● **Exercise goal**
For each entry below, write an exact copy and leave out the images.

(Saved entries)
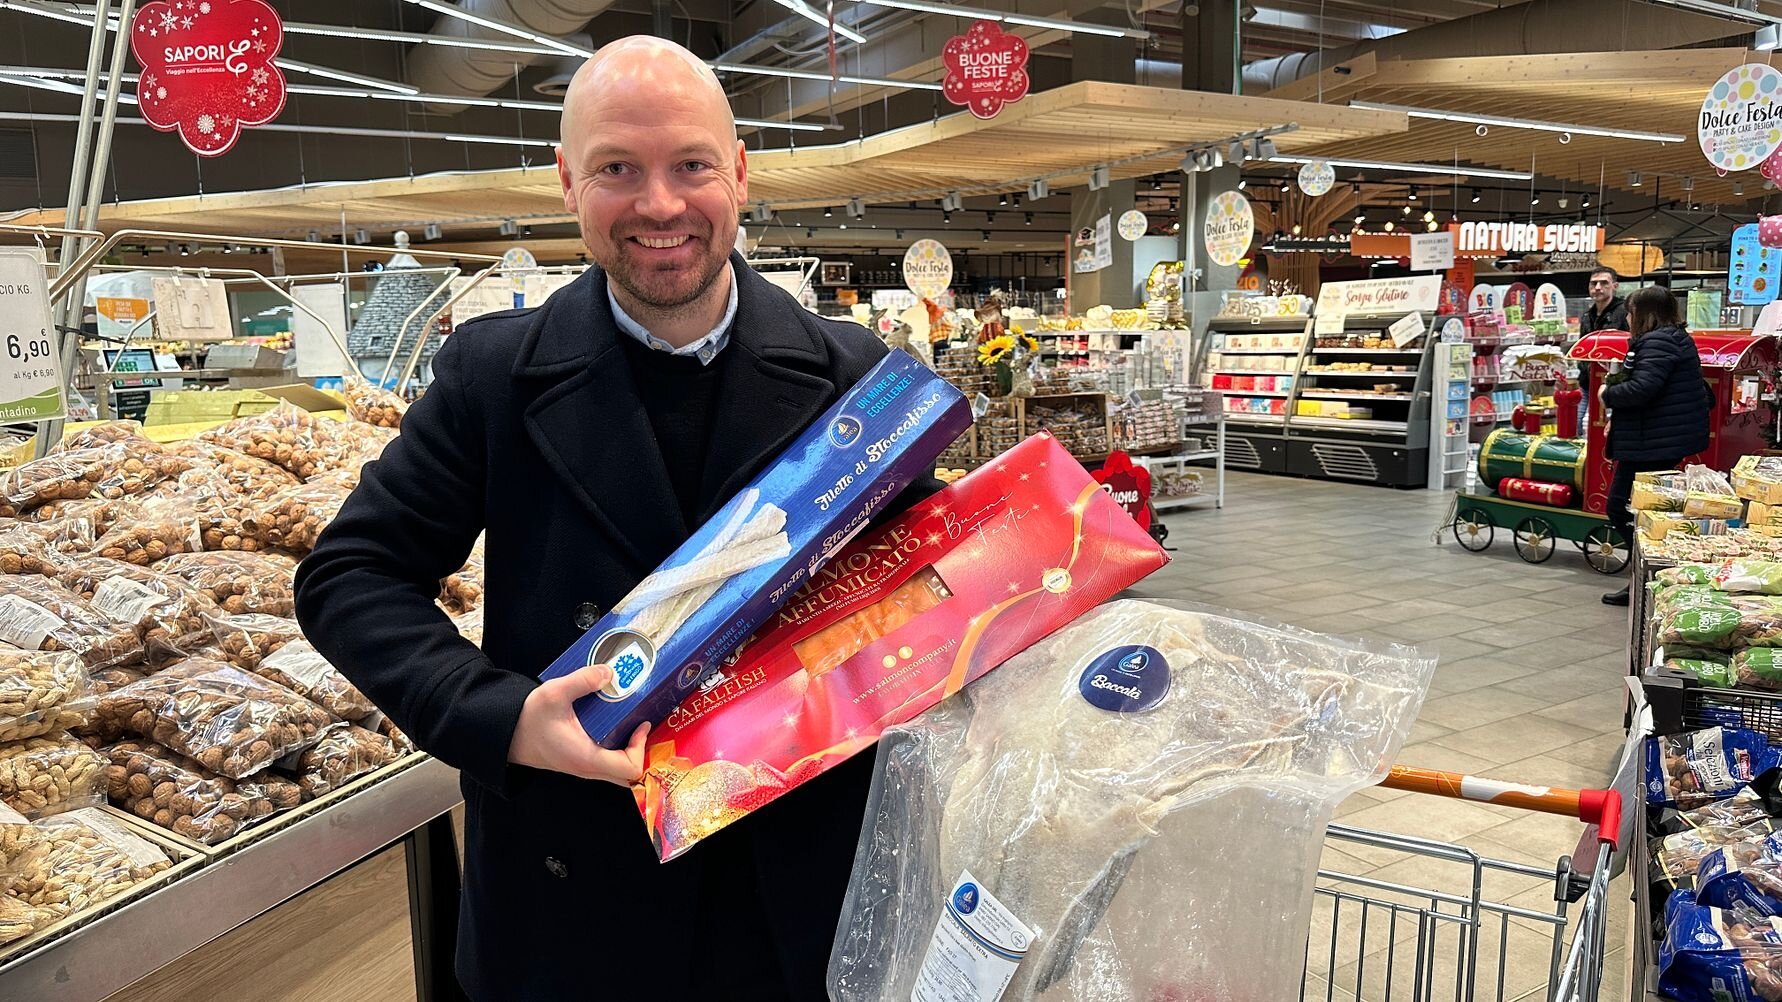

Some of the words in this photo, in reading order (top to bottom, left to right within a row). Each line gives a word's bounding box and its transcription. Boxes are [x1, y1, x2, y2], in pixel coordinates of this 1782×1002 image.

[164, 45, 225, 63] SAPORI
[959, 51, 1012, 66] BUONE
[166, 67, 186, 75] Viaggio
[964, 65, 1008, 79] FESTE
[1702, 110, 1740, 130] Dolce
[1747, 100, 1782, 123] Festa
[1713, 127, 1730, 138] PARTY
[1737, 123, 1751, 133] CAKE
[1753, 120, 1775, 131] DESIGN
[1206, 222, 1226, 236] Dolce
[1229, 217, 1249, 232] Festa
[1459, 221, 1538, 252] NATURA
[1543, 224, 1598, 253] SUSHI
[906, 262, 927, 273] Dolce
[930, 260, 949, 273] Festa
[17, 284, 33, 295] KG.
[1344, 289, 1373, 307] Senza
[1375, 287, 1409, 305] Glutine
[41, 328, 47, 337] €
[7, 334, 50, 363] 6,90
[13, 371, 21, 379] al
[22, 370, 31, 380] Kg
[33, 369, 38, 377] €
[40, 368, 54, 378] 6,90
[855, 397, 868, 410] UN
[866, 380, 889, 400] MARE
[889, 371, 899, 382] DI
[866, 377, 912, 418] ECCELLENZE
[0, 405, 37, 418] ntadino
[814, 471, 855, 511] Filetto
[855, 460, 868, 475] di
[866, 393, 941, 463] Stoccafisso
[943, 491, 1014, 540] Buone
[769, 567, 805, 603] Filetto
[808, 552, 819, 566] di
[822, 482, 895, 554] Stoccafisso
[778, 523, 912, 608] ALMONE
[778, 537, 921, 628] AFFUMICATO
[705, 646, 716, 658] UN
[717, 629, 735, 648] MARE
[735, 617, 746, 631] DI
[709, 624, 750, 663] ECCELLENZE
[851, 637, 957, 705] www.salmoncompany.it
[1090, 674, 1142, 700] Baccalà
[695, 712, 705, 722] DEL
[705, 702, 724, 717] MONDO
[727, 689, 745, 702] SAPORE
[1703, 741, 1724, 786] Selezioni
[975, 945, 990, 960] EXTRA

● **Written response**
Some of the words in this photo, in reading order (top to bottom, left to right within a row). Each line gives a word's bounding box and its transcription. Boxes are [x1, y1, x2, y2], in pixel coordinates of this 1782×1002 image.

[164, 45, 225, 63] SAPORI
[959, 51, 1012, 66] BUONE
[166, 67, 186, 75] Viaggio
[964, 65, 1008, 79] FESTE
[1702, 110, 1740, 130] Dolce
[1747, 100, 1782, 123] Festa
[1713, 127, 1730, 138] PARTY
[1737, 123, 1751, 133] CAKE
[1753, 120, 1775, 131] DESIGN
[1206, 222, 1226, 236] Dolce
[1229, 217, 1249, 232] Festa
[1459, 221, 1538, 252] NATURA
[1543, 224, 1598, 253] SUSHI
[906, 262, 927, 273] Dolce
[930, 260, 949, 273] Festa
[17, 284, 33, 295] KG.
[1344, 289, 1373, 307] Senza
[1375, 287, 1409, 305] Glutine
[41, 328, 47, 337] €
[7, 334, 50, 363] 6,90
[13, 371, 21, 379] al
[22, 370, 31, 380] Kg
[33, 369, 38, 377] €
[40, 368, 54, 378] 6,90
[855, 397, 868, 410] UN
[866, 380, 889, 400] MARE
[889, 371, 899, 382] DI
[866, 377, 912, 418] ECCELLENZE
[0, 405, 37, 418] ntadino
[814, 471, 855, 511] Filetto
[855, 460, 868, 475] di
[866, 393, 941, 463] Stoccafisso
[943, 491, 1014, 540] Buone
[769, 567, 805, 603] Filetto
[808, 552, 819, 566] di
[822, 482, 895, 554] Stoccafisso
[778, 523, 912, 608] ALMONE
[778, 537, 921, 628] AFFUMICATO
[705, 646, 716, 658] UN
[717, 629, 735, 648] MARE
[735, 617, 746, 631] DI
[709, 624, 750, 663] ECCELLENZE
[851, 637, 957, 705] www.salmoncompany.it
[1090, 674, 1142, 700] Baccalà
[695, 712, 705, 722] DEL
[705, 702, 724, 717] MONDO
[727, 689, 745, 702] SAPORE
[1703, 741, 1724, 786] Selezioni
[975, 945, 990, 960] EXTRA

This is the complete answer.